- Interactive map of the 727 Tran Hung Dao area
- Alternative names: Saigon Building, President Building

General information
- Status: Demolished
- Type: Non-government
- Architectural style: Modernist
- Location: Chợ Lớn, 727 Trần Hưng Đạo Boulevard, Chợ Quán, District 5, Ho Chi Minh City, Vietnam
- Coordinates: 10°45′21″N 106°40′58″E﻿ / ﻿10.755715°N 106.682832°E
- Completed: 1960
- Demolished: Late 2016-2017
- Owner: Nguyễn Tấn Đời

Height
- Height: 48.94 m (160.6 ft)

Technical details
- Floor count: 13

Design and construction
- Known for: Haunted place

= 727 Tran Hung Dao =

Building claimed to be haunted in Ho Chi Minh City, Vietnam

The 727 Tran Hung Dao apartment, also known as Saigon or President Building, was a reportedly haunted building located in Ho Chi Minh City. It was also used by the American soldiers on rent during the Vietnam War.

It was originally commissioned by Nguyễn Tấn Đời, a Vietnamese businessman. The building with 530 rooms, divided into 6 blocks and 13 floors.
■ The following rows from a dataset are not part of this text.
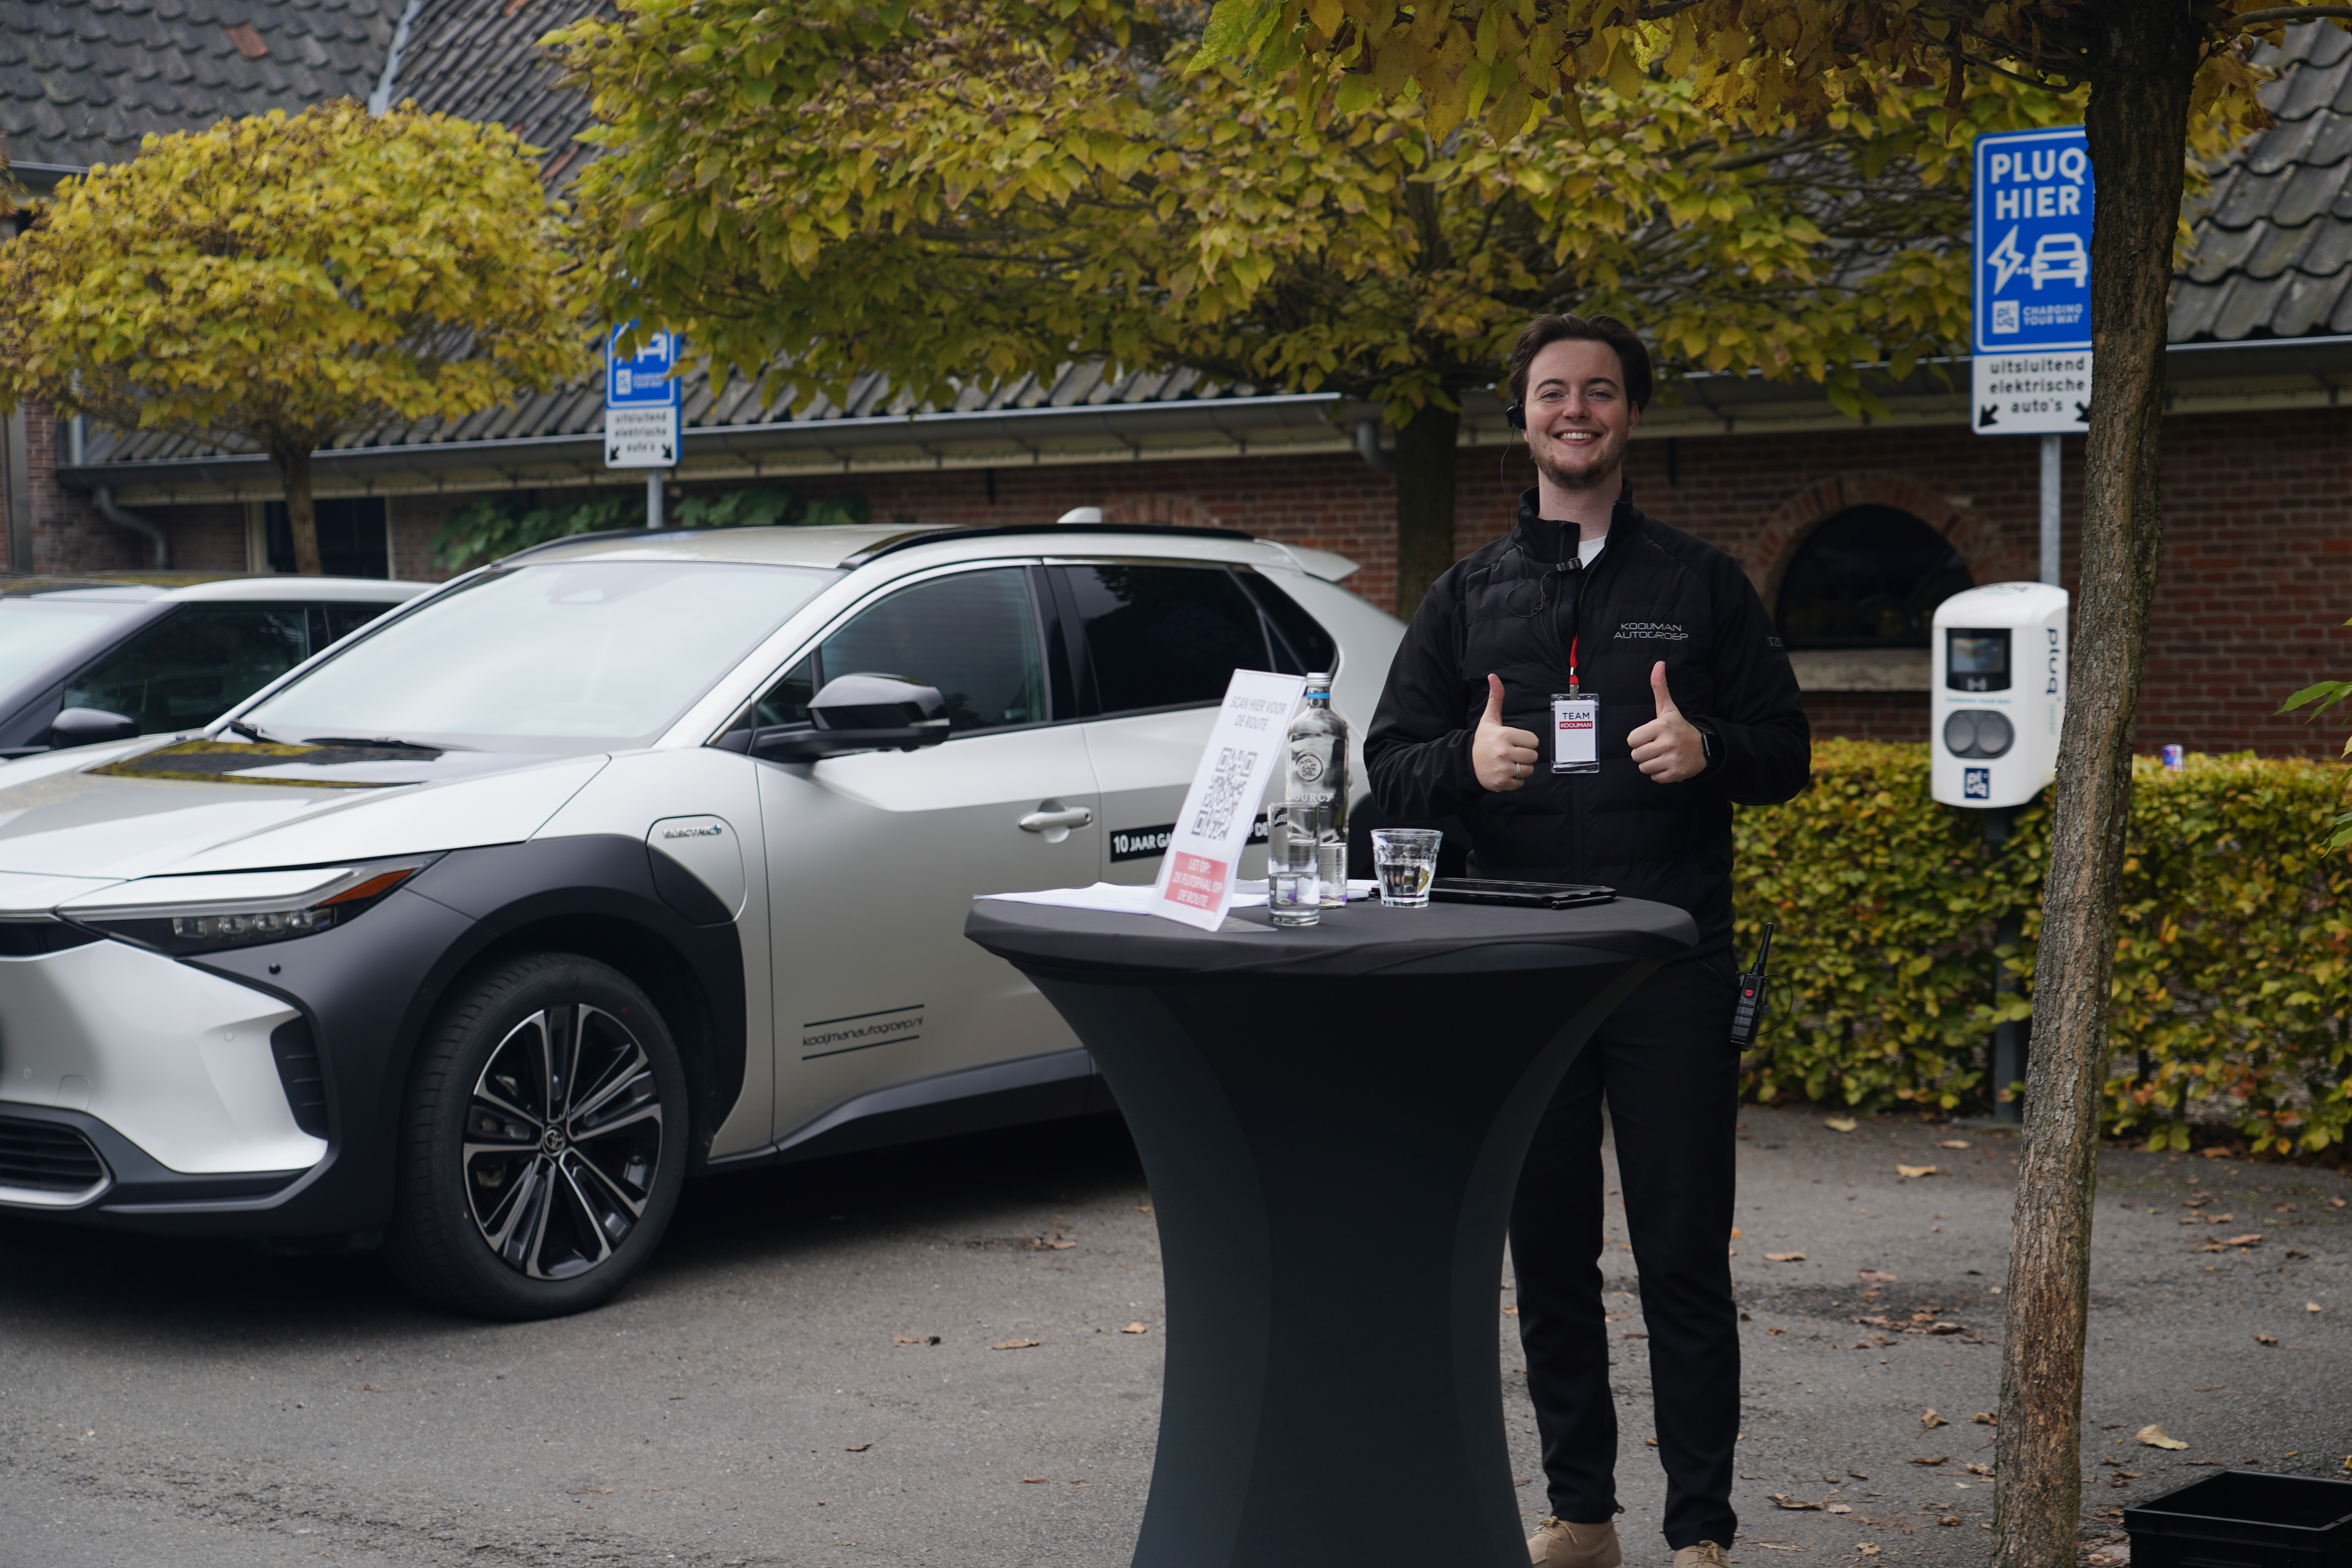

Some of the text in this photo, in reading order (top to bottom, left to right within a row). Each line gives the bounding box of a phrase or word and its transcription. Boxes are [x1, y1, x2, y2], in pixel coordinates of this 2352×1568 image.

[1991, 147, 2087, 185] PLUQ
[1996, 185, 2080, 220] HIER
[2023, 303, 2083, 315] CHARGING
[2024, 314, 2081, 326] YOUR WAY
[1991, 357, 2084, 373] uitsluitend
[1991, 377, 2084, 393] elektrische
[2012, 397, 2062, 412] auto's
[1621, 623, 1682, 631] KOOIJMAN
[1613, 632, 1688, 640] AUTOGROEP
[2046, 629, 2060, 694] pluq
[1230, 696, 1287, 715] SCAN HIER VOOR
[1235, 715, 1269, 730] DE ROUTE
[1289, 793, 1334, 802] OURCY
[1113, 834, 1129, 853] 10
[1129, 835, 1156, 852] JAAR
[1189, 858, 1200, 871] LET
[1173, 871, 1222, 893] 2X FLITSPAAL OP
[1177, 889, 1209, 907] DE ROUTE
The building was completed in 1960.

== History ==
The building had thirteen floors which, according to local folklore and media reports, allegedly killed workers during its construction process due to "bad luck" believed to be caused by the unlucky number, 13.
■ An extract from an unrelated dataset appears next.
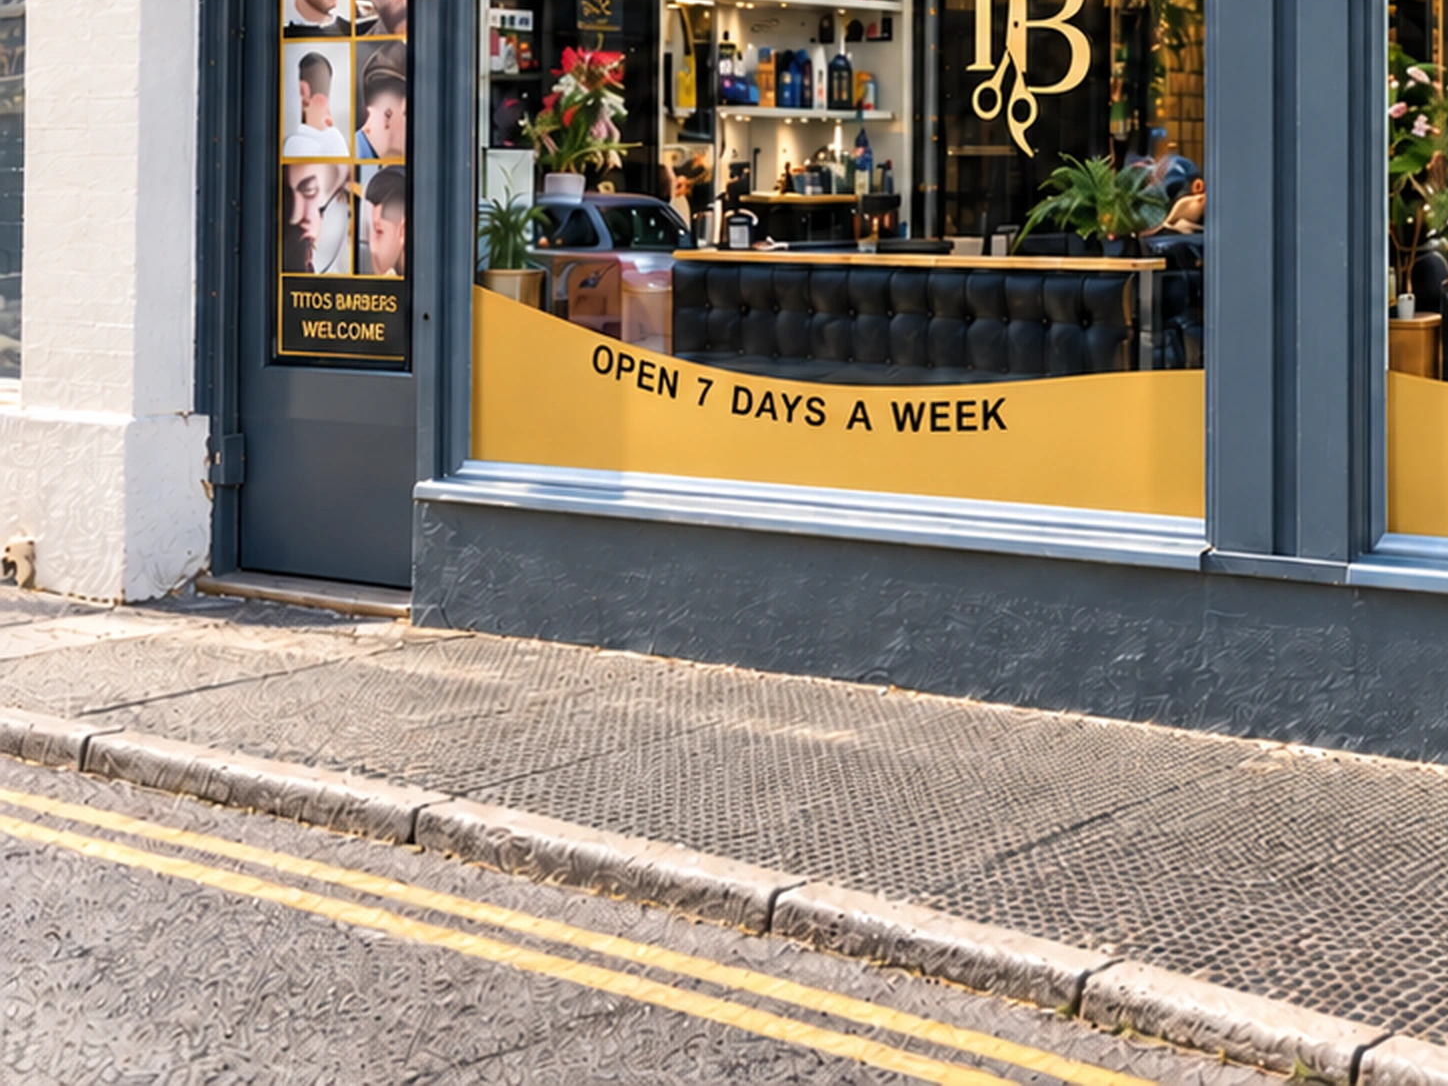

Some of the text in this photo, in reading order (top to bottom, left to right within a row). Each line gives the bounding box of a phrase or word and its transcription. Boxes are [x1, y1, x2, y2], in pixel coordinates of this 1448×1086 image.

[290, 291, 398, 313] TITOS BARBERS
[301, 320, 385, 341] WELCOME
[591, 343, 1008, 433] OPEN 7 DAYS A WEEK
Later, the architectural engineers called a shaman to address the fear of evil spirit or bad luck. Shaman, according to local legends, brought the deceased bodies of four virgins from a "local hospital and buried them at the four corners of the building", in order to avoid any harm from evil spirits.

It is believed the local residents often hear screams of horror, the sound of a military parade, in addition to unexpected sights of spectral G.I. walking with a Vietnamese girlfriend.

A French architect had warned Doi about the building's unpromising structure such as "13 floors". Prior to its completion, workers witnessed frequent spiritual incidents associated with "the number 13". When the building was completed, US troops stayed in the building on rent.

After the war ended, some Vietnamese families stayed in the building, and since then local residents have reportedly heard screams and the sounds of a military parade.
=== Later development ===
In 2016 or earlier, the local authorities of Ho Chi Minh City stated site clearance in the city, including 727 Tran Hung Dao. They removed households from the apartment, however ten families refused to leave the site because the compensation rate provided by the authorities was allegedly low. Most of the locals here have moved into the nearby 109 Nguyễn Biểu apartment.
==In popular culture==
The building has been featured in movies, some notable are Scandal (2012) and Cho Lon (2013). The building also made appearance in Block B's "Nillili Mambo" 2012 music video, a single from the Blockbuster album.